Dentro de este esquema simple y que avanza sin apuro por revelarnos el 100% de la trama mayor, las historias de Farías son ágiles y entretenidas. Hay machaca, romance, investigación y un buen tratamiento de un par de personajes secundarios, principalmente el Gordo y el Vasco. La relación entre Juan y la stripper (que en realidad es mutante) también ofrece buenos momentos y le permite a Farías “adornar” los momentos tranquis del guión con escenas donde los silencios y las miradas cobran una intensidad similar a la que vemos cuando estalla la violencia. Uno por ahí asocia a Alejandro Farías con un comic de mayor compromiso autoral, o de intenciones más elevadas, pero acá, sin gambetear demasiado las consignas de un género más pochoclero, se las rebusca para que el resultado sea entretenido y satisfactorio, e incluso para que uno se quede con ganas de leer más historias de este personaje.
En la faz gráfica lo tenemos a Javier Solar, un dibujante cordobés que en su momento fuera escrachado mal por sus increíbles plagios a historietas de Carlos Meglia y Humberto Ramos, que llegaron al punto del “copy-paste”. Acá no hay “copy-paste”, pero sí dibujos copiados, frente-march. El primer plano del bebé de la página 5, por ejemplo, está tomado de un comic de Superman dibujado por Meglia, sin duda. La directora del orfanato del último episodio es claramente un personaje de Meglia. Y -sin estar necesariamente calcado- Juan Moreira, el protagonista de la serie, ES un personaje de Humberto Ramos. Incluso en los flashbacks a la infancia de Juan, Solar lo dibuja en el estilo del astro mexicano. El resto, más que de choreos, nos habla de influencias. El tratamiento de los fondos es idéntico al que hacía Meglia, la narrativa se parece muchísimo a la de Humberto, y así.
Por supuesto, todo esto contribuye a que la historieta sea linda de mirar, porque estamos hablando de dos dibujantes excepcionales, pero uno sospecha que Solar tiene herramientas (aunque no sé si ideas) como para dibujar en un estilo propio y aún así hacer un papel decoroso. Si me dijeran que por clonar a Meglia y Ramos el dibujante accede a laburos de alto perfil y excelente remuneración, lo entendería un poco más. Pero renunciar a un estilo propio para trabajar en proyectos chiquitos, en editoriales independientes argentinas, tiene menos lógica que el rating de ShowMatch.

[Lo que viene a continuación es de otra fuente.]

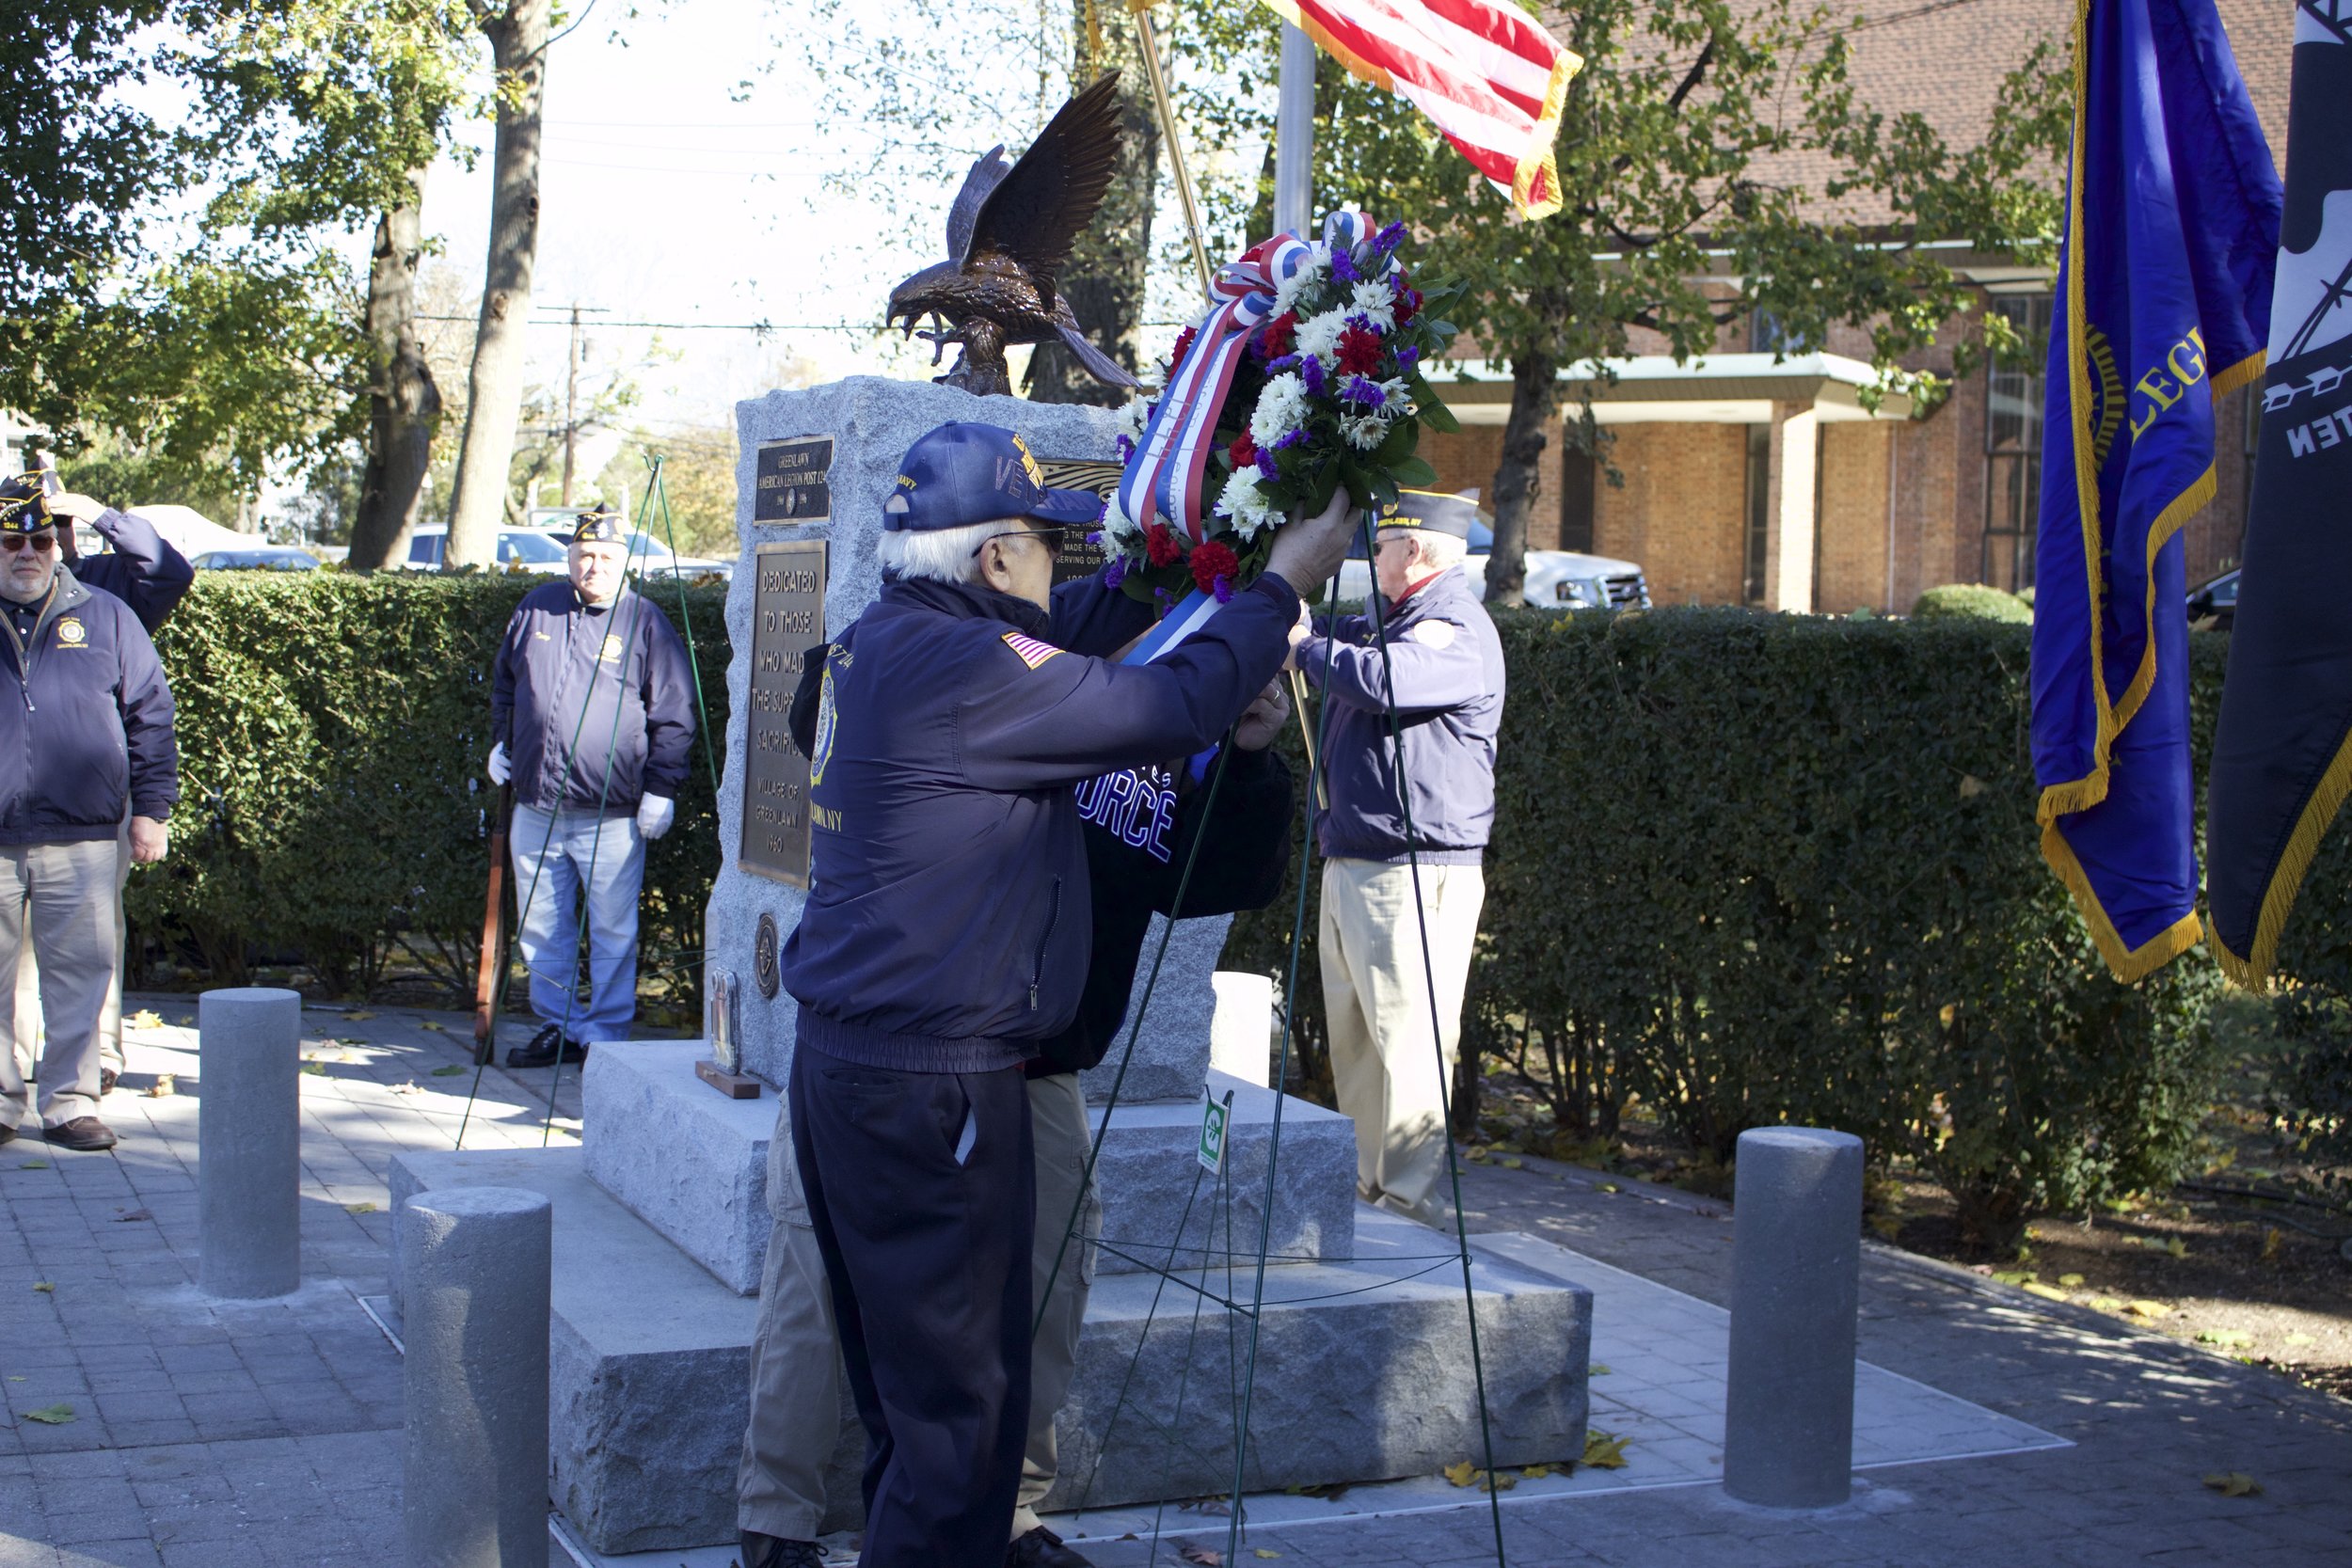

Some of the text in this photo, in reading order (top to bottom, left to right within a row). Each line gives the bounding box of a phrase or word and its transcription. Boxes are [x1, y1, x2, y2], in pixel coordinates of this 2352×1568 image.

[778, 452, 810, 468] GREENLAWN
[758, 474, 784, 489] AMERICAN
[785, 472, 803, 487] LEGION
[803, 471, 817, 485] POST
[1071, 531, 1085, 540] THE
[1064, 543, 1083, 552] MADE
[1085, 544, 1097, 553] THE
[1087, 557, 1101, 565] OUR
[762, 570, 816, 594] DEDICATED
[764, 610, 812, 634] TO THOSE
[760, 650, 780, 673] WHO
[752, 688, 770, 711] THE
[757, 777, 800, 800] VILLAGE OF
[755, 804, 798, 829] GREENLAWN
[827, 809, 842, 832] NY
[767, 834, 784, 853] 1960

Ojalá en futuros trabajos Solar encuentre su propia voz y despegue hacia un rumbo más personal.
Mientras tanto, si te bancás ver a un personaje de Ramos en un comic argentino, La Historia del Otro Juan Moreira te va a resultar divertida y por momentos te puede llegar a impactar, a emocionar, o a engancharte en la intriga que propone, que está muy bien llevada. O sea que se le puede dar una chance sin problemas.